Un vero e proprio grido di allarme, insieme ad un duro attacco ed una richiesta ad agire tempestivamente, se si vogliono davvero cambiare le cose, è poi arrivato dal Procuratore Aggiunto di Reggio Calabria, Nicola Gratteri, sul “capolarato”, un argomento di cronaca, davvero vergognoso, sui migranti nel sistema alimentare: “negli ultimi anni spesso abbiamo parlato di caporalato: in italiano, però, sarebbe corretto parlare di “schiavismo”. Ad essere in esame è il ruolo dei migranti nella catena di produzione e trasformazione del cibo, argomento che spesso nasconde storie di sfruttamento e violazione dei diritti. Il Procuratore Gratteri ha ricordato come il problema non sia il numero di controlli nella filiera, statistica che vede l’Italia tra i primi posti in Europa e nel mondo, ma di una politica nazionale e internazionale seria che estirpi questa piaga alla radice. In un’economia che ormai non ha più confini, siamo in balìa di un vuoto di potere sovranazionale che coinvolge, anche, allo stesso tempo il destino dei migranti e quello del mercato agroalimentare: “molti prodotti non si vendono ai prezzi concordati perché non tutti gli Stati rispettano le regole del mercato: molti giocano con carte truccate a causa di un’Unione Europea e un’Onu troppo deboli”. Insomma, un vero e proprio grido di allarme e una richiesta ad agire tempestivamente, se si vogliono davvero cambiare le cose.
Sotto i riflettori anche “il tema” per eccellenza, il bilancio di Expo 2015, in cui si sono espressi Gaetano Pascale, presidente di Slow Food Italia, e Giosuè De Salvo, coordinatore di Expo dei Popoli. E la voce è unanime: “di fronte al più grande evento di tutti i tempi dedicato all’alimentazione, la sensazione è, comunque, che il cibo sia stato considerato come prodotto e non come valore, senza rispettare gli obiettivi originari che mettevano al primo posto l’educazione alimentare e la sensibilizzazione a temi come il diritto al cibo e un’alimentazione sana. Fondamentale che, a partire dal 1 novembre, gli attori della società civile agiscano all’unisono per fare la differenza. Perché è giunto il tempo di fare squadra”.

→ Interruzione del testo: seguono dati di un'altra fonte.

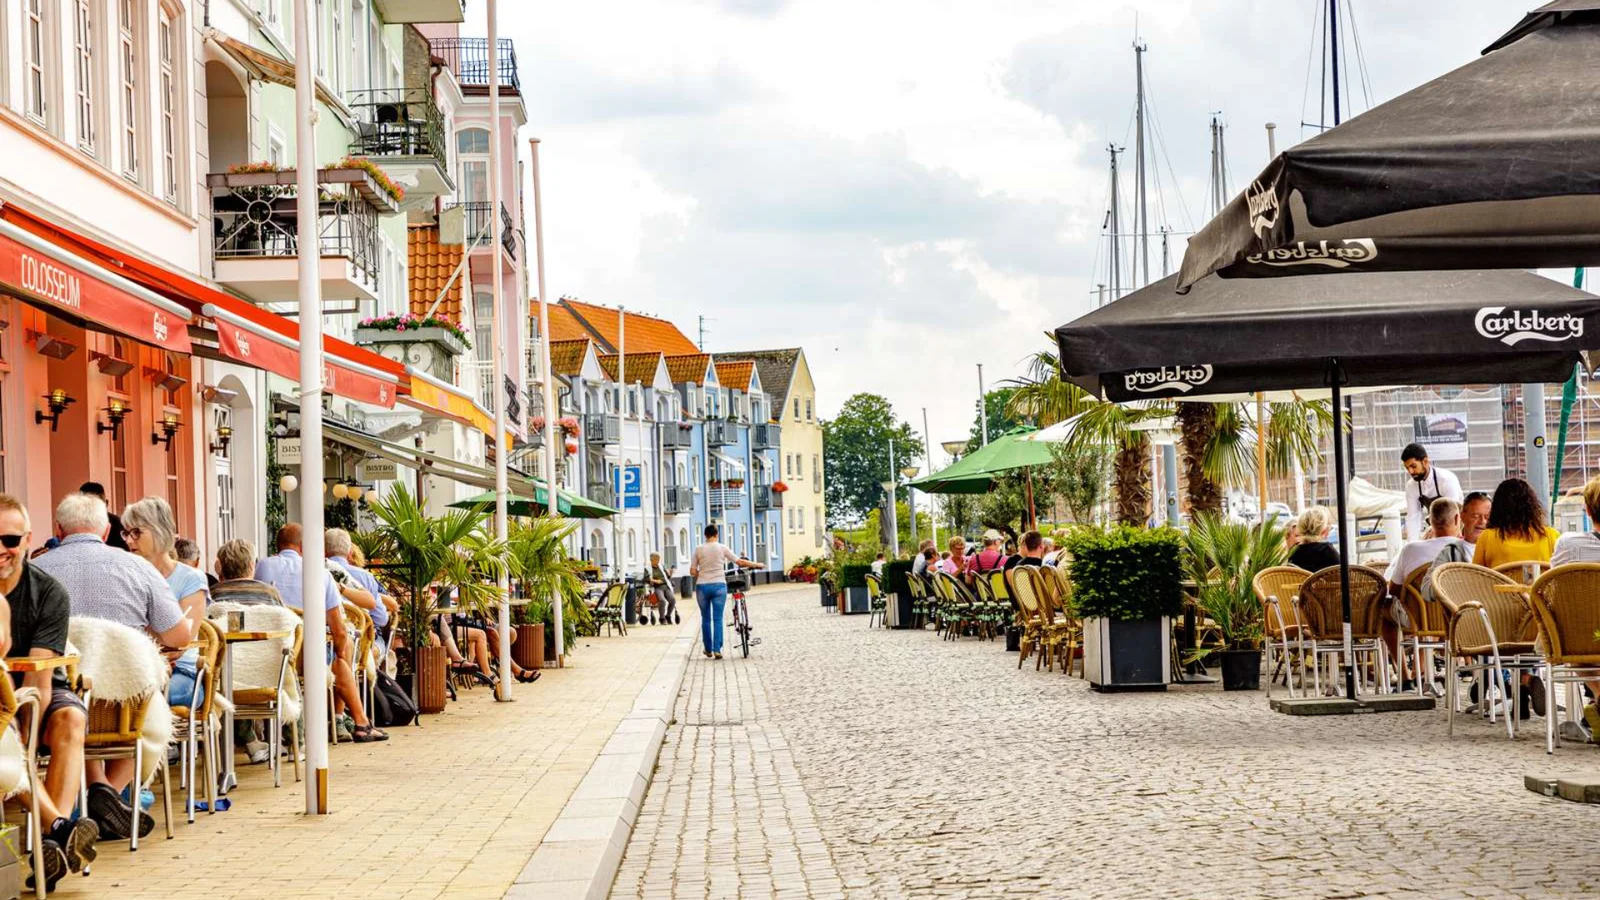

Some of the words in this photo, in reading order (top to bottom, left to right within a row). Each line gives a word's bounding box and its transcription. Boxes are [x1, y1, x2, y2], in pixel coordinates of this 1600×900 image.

Don Luigi Ciotti e Moni Ovadia, nel Forum di “Terra Madre Giovani - We Feed the Planet”, affiancati dal vice presidente della Comunità religiosa islamica italiana Yahya Pallavicini e dal monaco indù Hamsananda Giri, hanno discusso del rapporto tra cibo e religione in una sala gremita. Ed è proprio Don Ciotti, il presidente di Libera, a rivolgersi ai giovani: “voi siete venuti qui per ascoltare il grido della terra. Il cibo deve essere di tutti, Dio dà mandato all’uomo di custodire e coltivare la terra, alle comunità, non alle multinazionali. Chiediamo la pace, per garantire a tutti l’accesso al cibo”.
Ma a “Terra Madre Giovani - We Feed the Planet” domani dibattiti sulla salute dei suoli, l’ocean (e land) grabbing, “sprecare cibo in un mondo affamato” … E negli spazi di relax i giovani contadini del mondo sviluppano le idee più innovative, si scambiano progetti e si creano legami che continueranno una volta questi ragazzi saranno tornati a casa.